THE EXTENDED PSYCHOLOGICAL PRESENT


 

"Now" is privileged in most psychological theory, as a special instant of reality.  It is commonly assumed that if past events are to be effective in one's present functioning, they must be attendant at the instant of concern -- as traces, representations, or other states held over from those past events.  Future events, too, are understood as participating in the present only via surrogate expectations or representations.  Psychological process, then, is construed as an ongoing succession, a concatenation of successive "slices of simultaneity." Both the manifest continuity of experience and the inferred accretions identified with learning or memory are traditionally understood as integrations of such instants.

From various viewpoints, however, it makes more sense to treat that instant as a fiction, an arbitrary abstraction from the flow of events.  Ongoing process, flowing in time, can be understood as providing explanations without reduction to fictional instants.  While challenging the intuitive unity of our direct observations, this temporally extended conception of process is more consistent with contemporary understanding of physical reality, and of many biological, evolutionary and cultural processes.  We shall examine this alternative conception as illustrated by Michaels and Carello, in the ecological tradition of perception, by Richard Dawkins and Stephen J. Gould, in evolutionary biology, by Benjamin Whorf, concerning native American languages, and by contemporary developments in behavior-analytic theory.

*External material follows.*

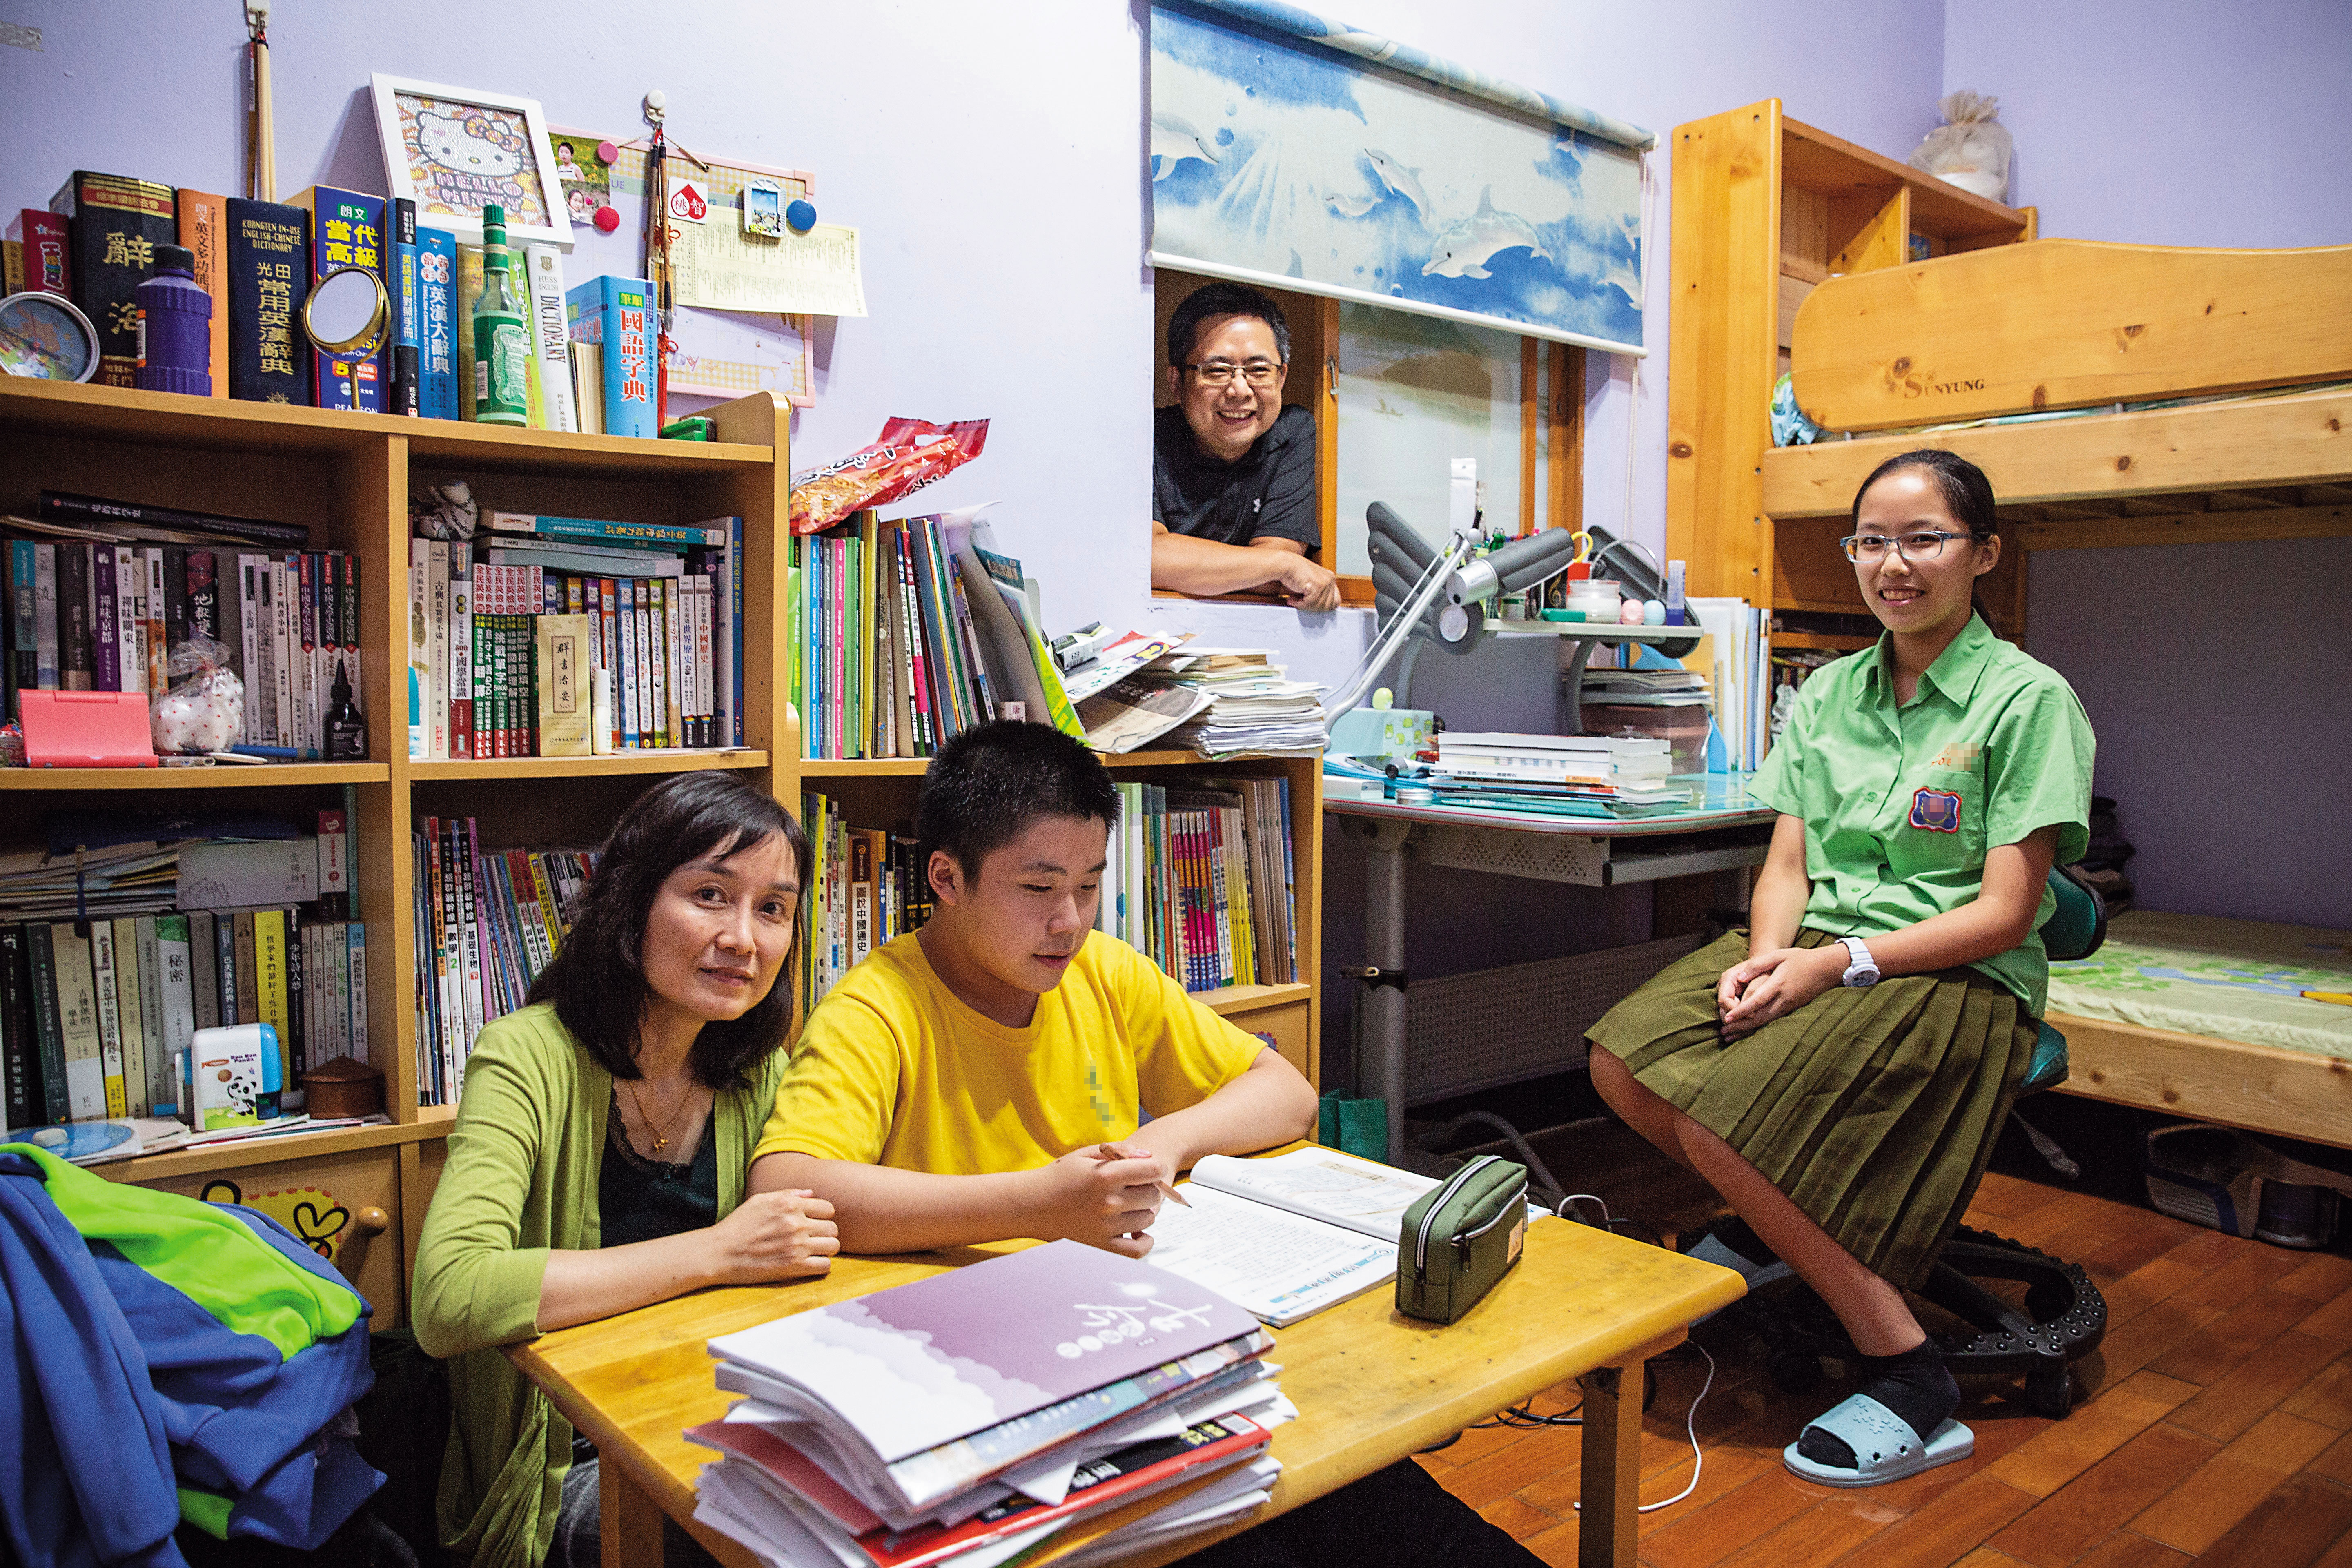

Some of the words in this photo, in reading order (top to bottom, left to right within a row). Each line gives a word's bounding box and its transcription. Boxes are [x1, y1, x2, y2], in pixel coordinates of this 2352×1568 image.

We shall attend closely to tensions that arise between the instantaneous and the temporally extended conceptions of the psychological present.  These will include assumptions regarding contiguous vs. remote causation, essentialist vs. selectionist conceptions of concepts, structuralist vs. functionalist metaphors in theory, behavior as part of process vs. behavior as symptom of process.  Ultimately, we will be working toward an intuitive understanding of psychological process as existing simultaneously on multiple time scales.  This implies distinct phenomena emergent at each scale, analogous to the multiple spatial scales that one might study with various magnifications of a microscope.